A total of 80,000 people received their vaccinations since September, the ministry said. There were no side effects noted in those vaccinations as the ministry was committed to providing the best-in-class shots.
Studies conducted in Qatar and accredited by the World Health Organisation said that the flu virus is likely to be active during this winter all the way to April.
Meanwhile in America, this current flu season is turning out to be a rough one.
New York’s health department reported 2,221 new hospitalisations and 11,683 lab-confirmed cases for the week ending January. 27. Those are the highest weekly numbers since reporting began in 2004. Nationally, it could be the worst season since 2014-15, when 34mn Americans got the flu and about 56,000 died.
That’s bad, but not something like the influenza pandemic 100 years ago in which more than 50mn people died worldwide.
While that sounds like something that could happen only in the bad old days, epidemiologists warn that a lethal virus like the one that exploded in 1918 could recur, with airplane travel and modern population density enabling its spread. A century later, a dangerous flu strain could kill 200mn to 400mn people worldwide.
The lack of one has to do with two reasons _ the difficulty of targeting an ever-evolving set of viruses, and the structure of profit-based pharmacology.

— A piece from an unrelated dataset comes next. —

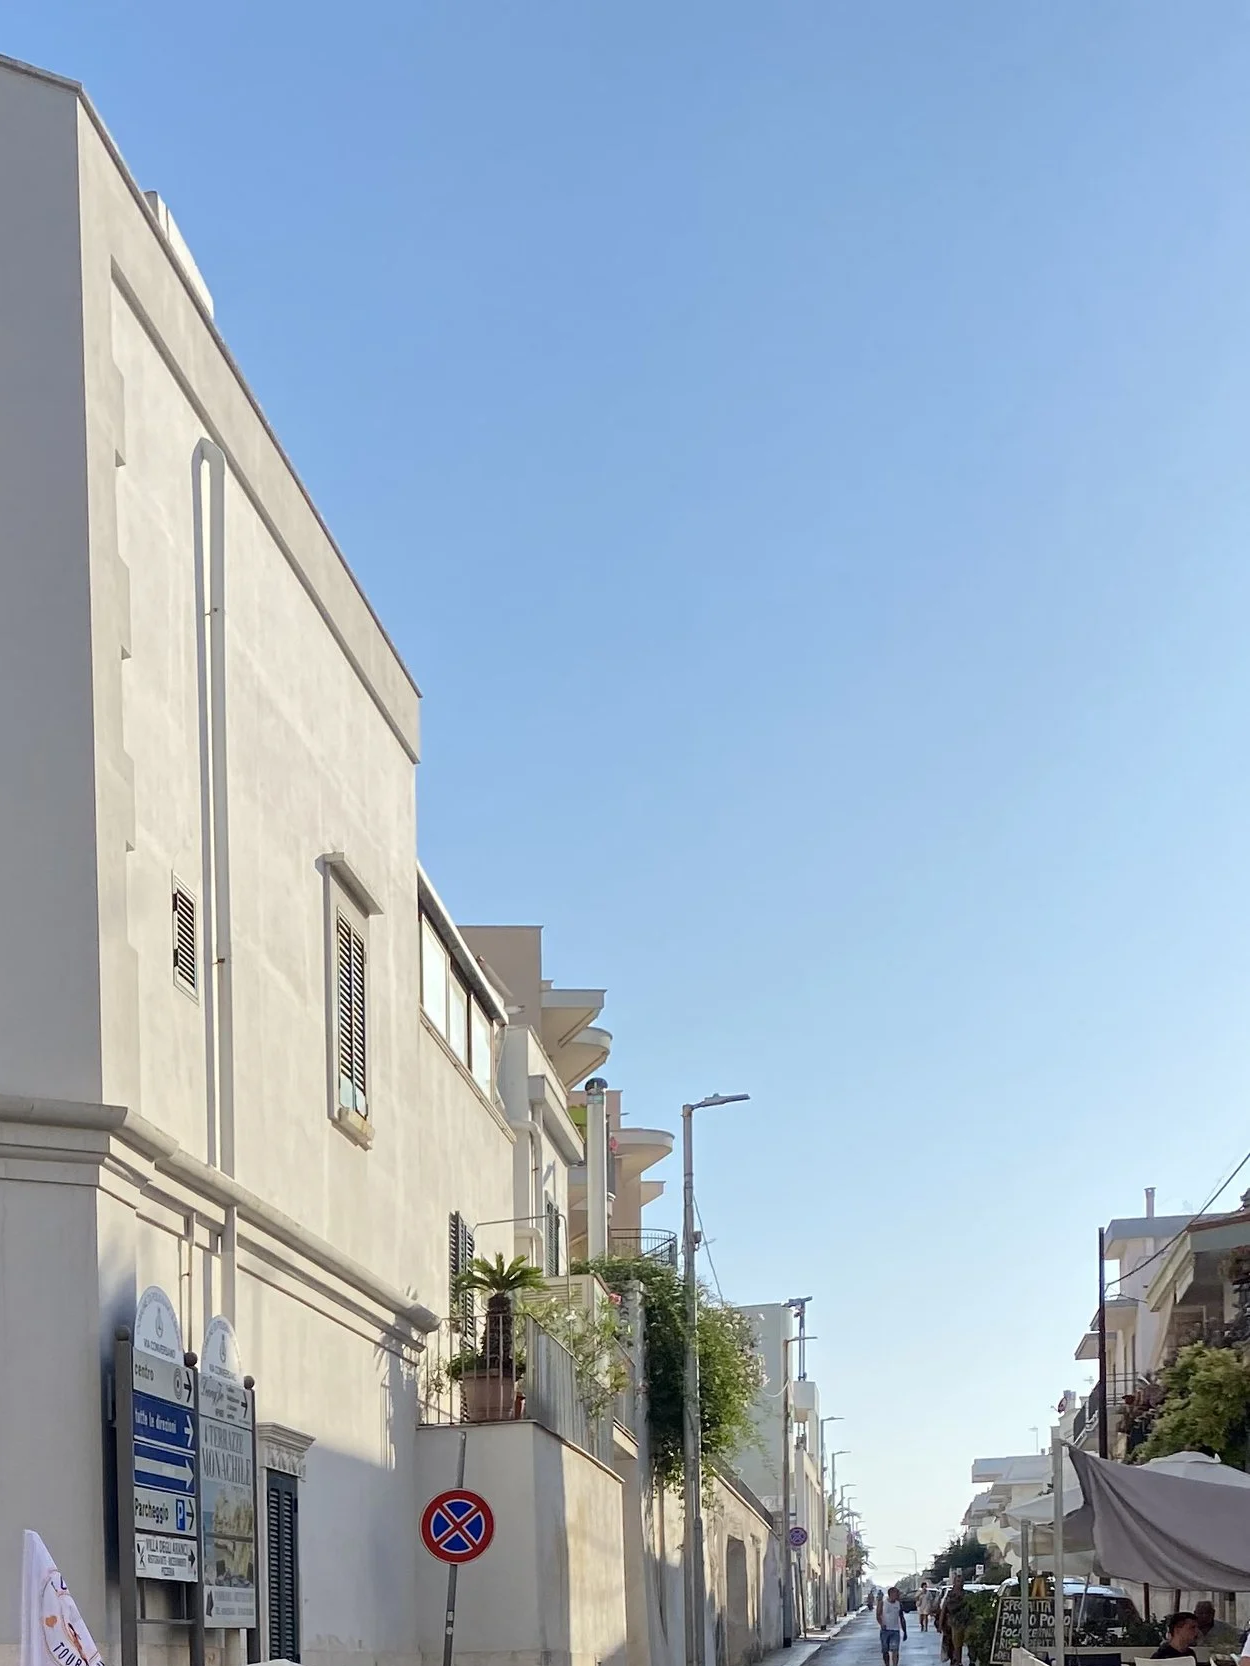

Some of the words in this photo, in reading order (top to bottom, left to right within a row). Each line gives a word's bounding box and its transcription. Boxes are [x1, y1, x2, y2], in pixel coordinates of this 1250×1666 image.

Traditional vaccines like those for measles, mumps and rubella, or yellow fever work very well. They are over 97% effective. The worst thing about them for pharmaceutical manufacturers is that they work well for many, many years. There isn’t much profit in a drug people take once or twice. As a result, there’s little commercial incentive to invent a flu vaccine that works well against every possible strain of the disease.

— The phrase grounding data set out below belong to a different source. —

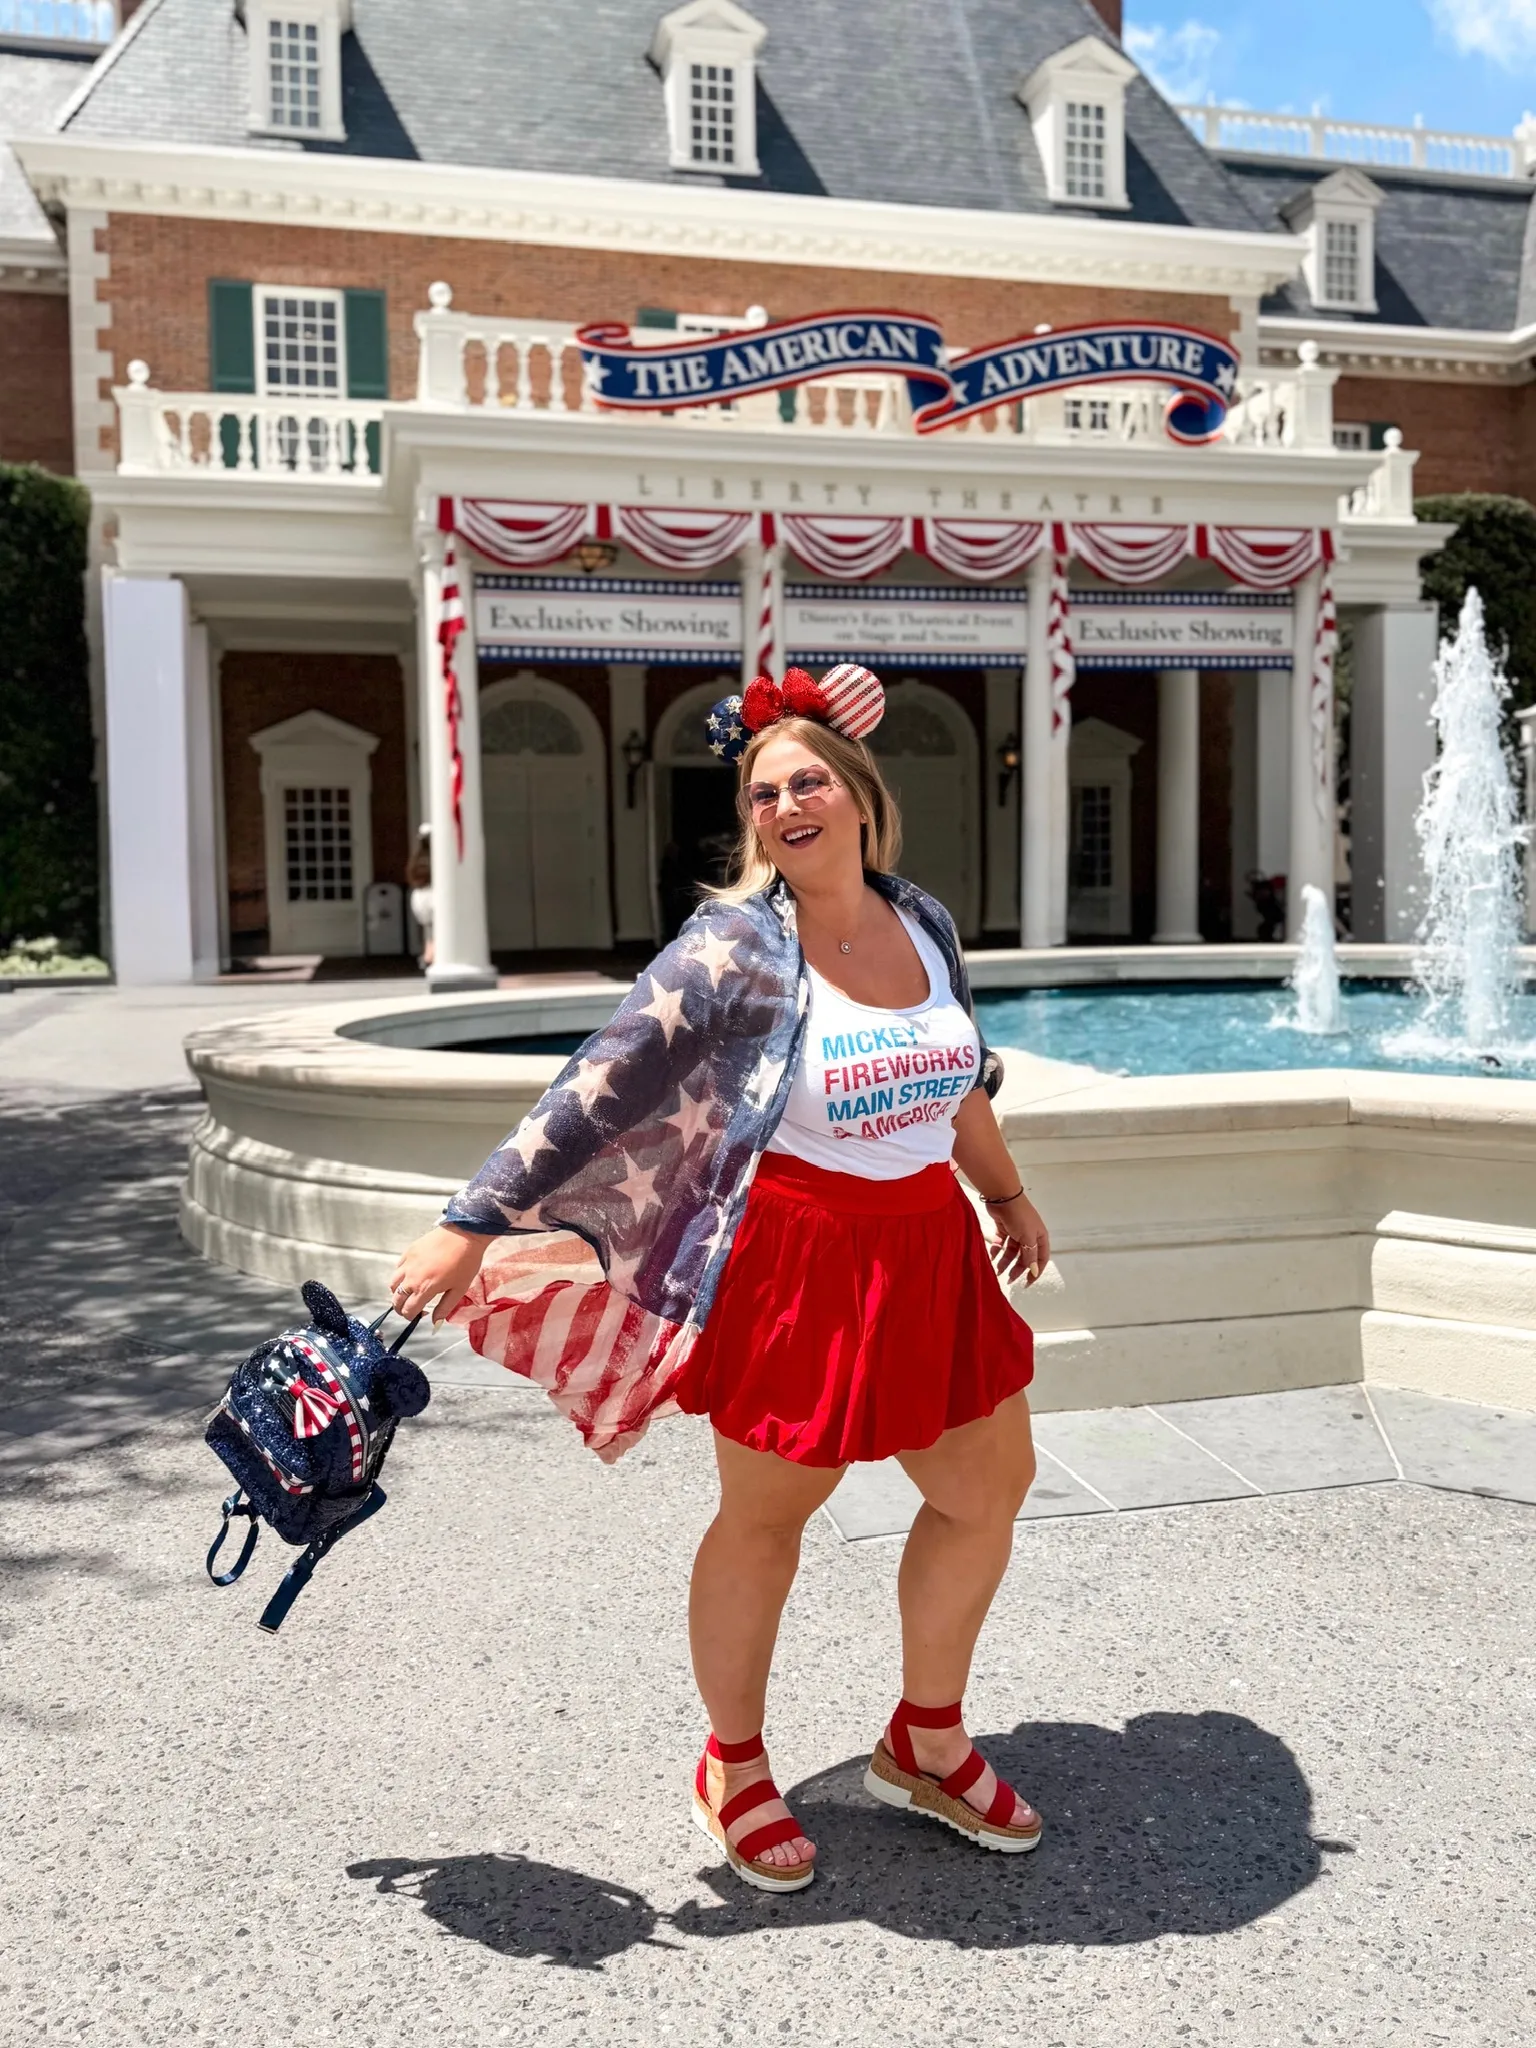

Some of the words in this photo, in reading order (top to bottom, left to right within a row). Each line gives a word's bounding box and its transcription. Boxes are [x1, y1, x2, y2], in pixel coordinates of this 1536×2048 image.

[626, 355, 713, 396] THE
[720, 325, 919, 386] AMERICAN
[980, 335, 1205, 397] ADVENTURE
[637, 474, 872, 506] LIBERTY
[927, 488, 1164, 515] THEATRE
[489, 605, 612, 633] Exclusive
[620, 608, 730, 639] Showing
[1078, 619, 1182, 642] Exclusive
[1189, 621, 1283, 645] Showing
[822, 1025, 919, 1061] MICKEY
[824, 1045, 975, 1095] FIREWORKS
[826, 1087, 893, 1122] MAIN
[898, 1074, 974, 1105] STREET
[861, 1101, 952, 1140] AMERICA

A different way of funding the hunt is needed and it won’t be easy because right now, the drug companies are quite happy making $3bn a year on annual flu vaccines that usually aren’t that effective, as anyone who had the shot and still got ill can attest.

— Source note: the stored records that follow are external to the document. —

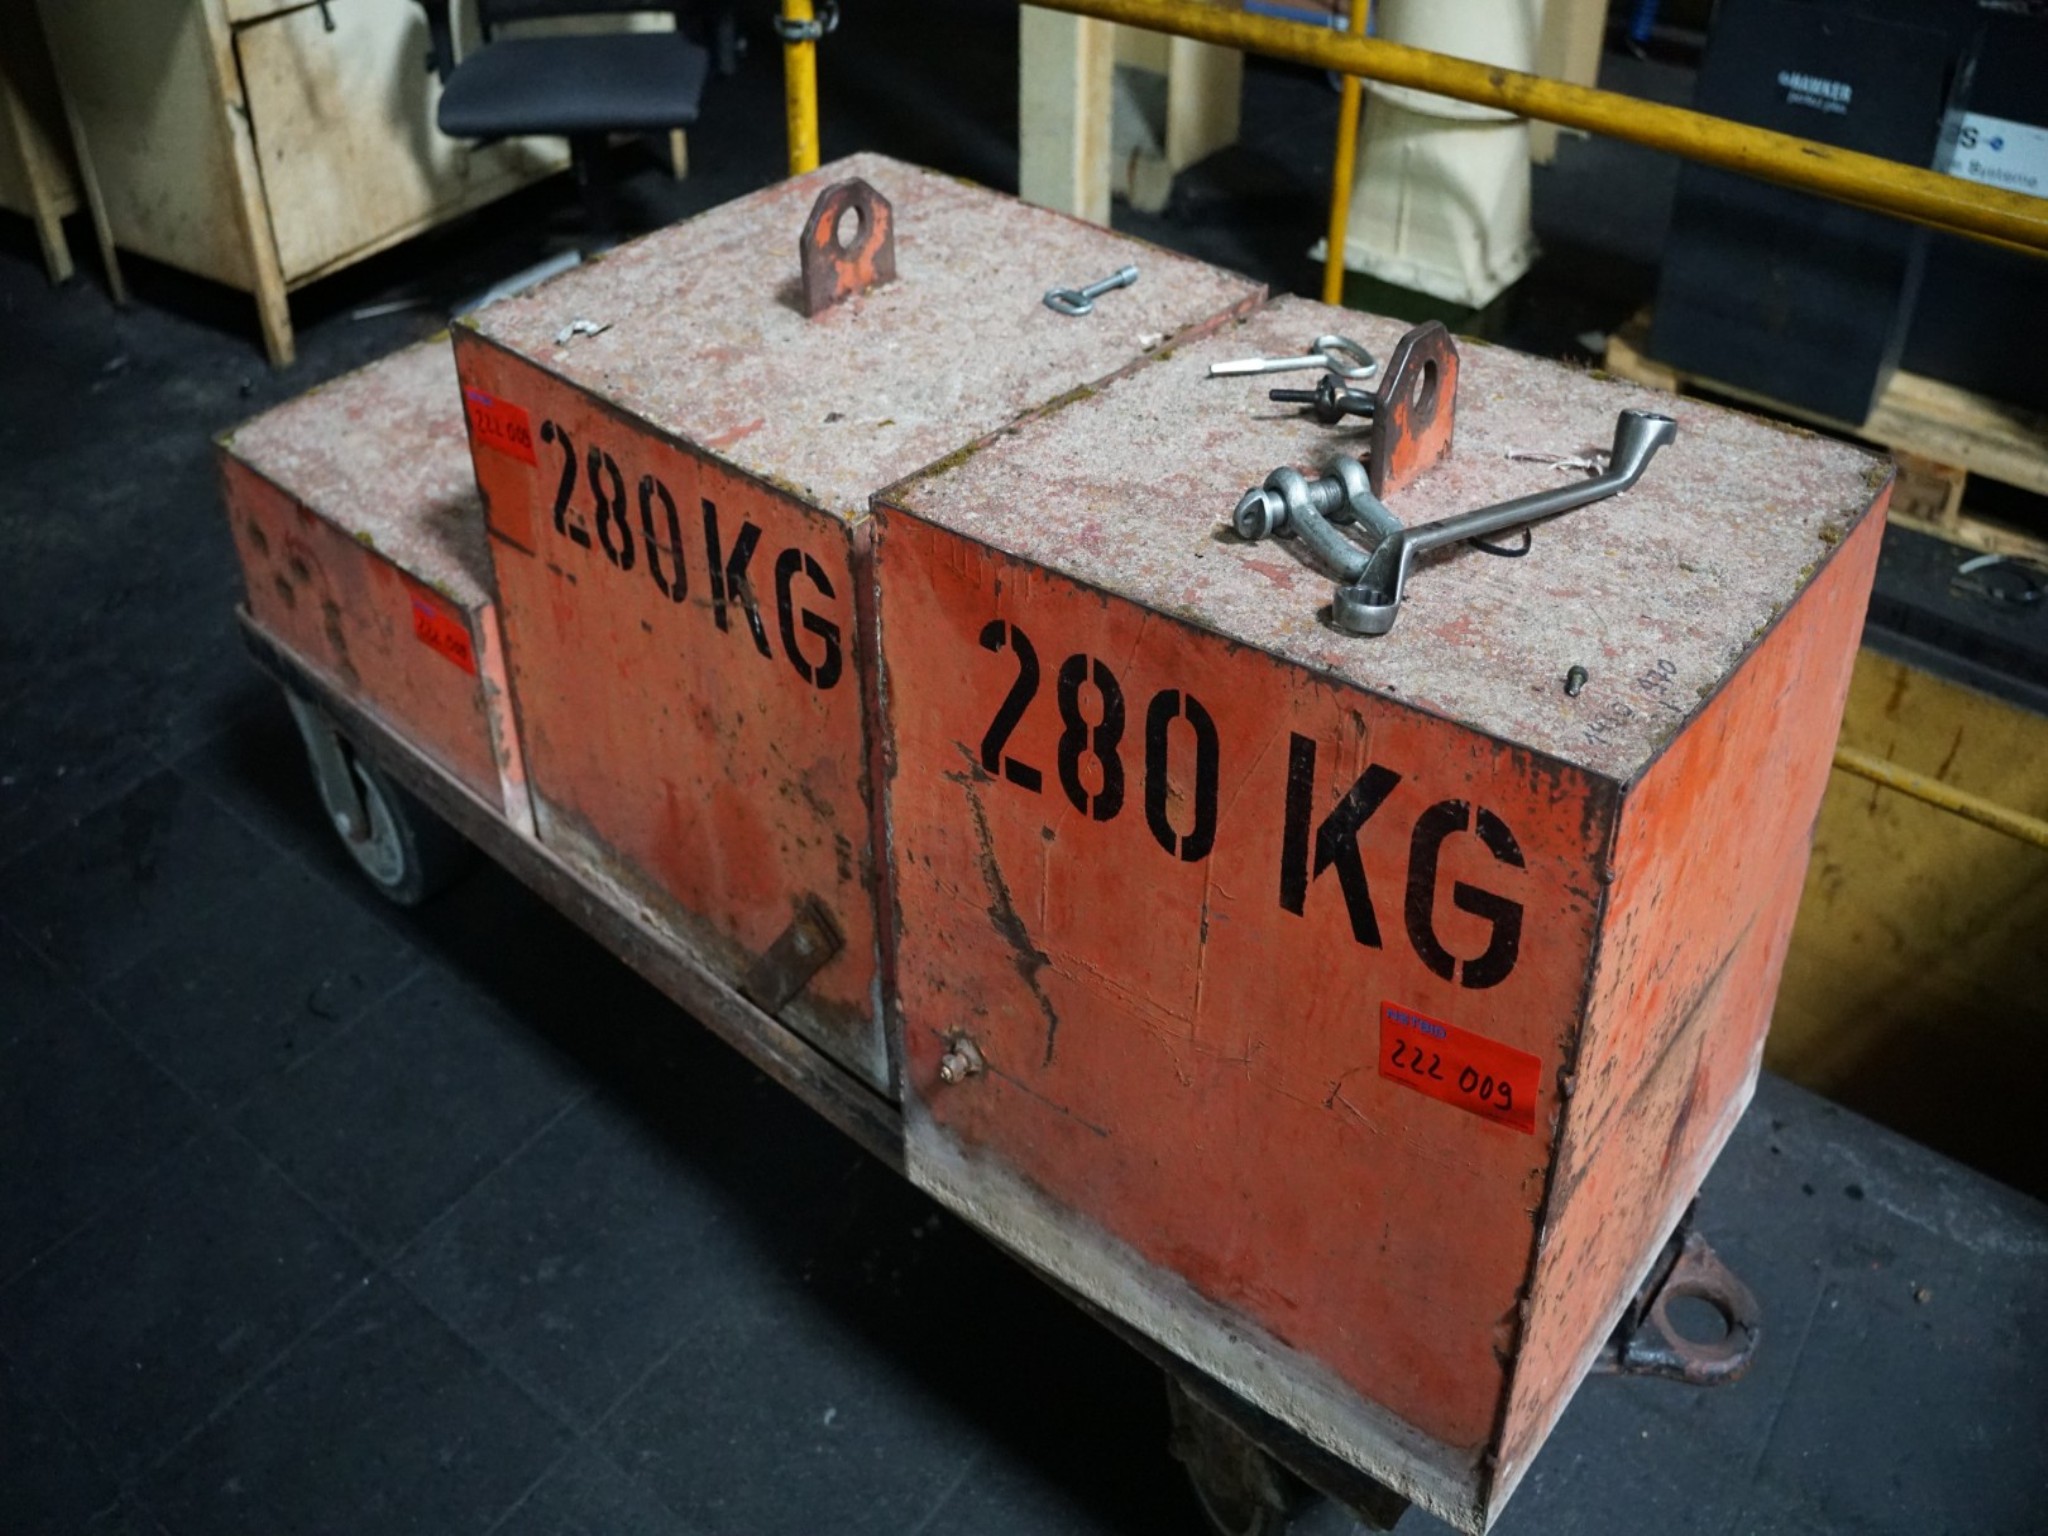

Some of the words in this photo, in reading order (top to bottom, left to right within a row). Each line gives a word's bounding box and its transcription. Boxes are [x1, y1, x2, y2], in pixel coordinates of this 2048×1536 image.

[540, 420, 688, 604] 280
[702, 497, 843, 690] KG
[979, 618, 1220, 863] 280
[1279, 731, 1526, 990] KG
[1391, 1038, 1444, 1081] 222
[1458, 1065, 1513, 1111] 009

While flu viruses mutate, there are common traits all of them share. A long-lasting “universal flu vaccine” that provides immunity against against the core of all strains, including those that humans could catch from animals, is what’s needed. While the common traits are the hardest traits to target, scientists believe a universal vaccine is possible, and slow progress is being made by several academic teams.
Investments and organisational help from world governments and philanthropies, and financial rewards for developing the vaccine, is the best way to reach the goal. For now, however, there is little alternative to vaccination, frequent hand-washing and discreet sneezes. Stay home from work or school when you’re sick, get tested and take antiviral medications when diagnosed with the flu.
These are largely ineffective solutions to a potentially catastrophic problem. And if we wait for the next pandemic, or depend entirely on the profit motivations of the pharmaceutical industry for protection, the carnage could be unlike anything we’ve seen for a century.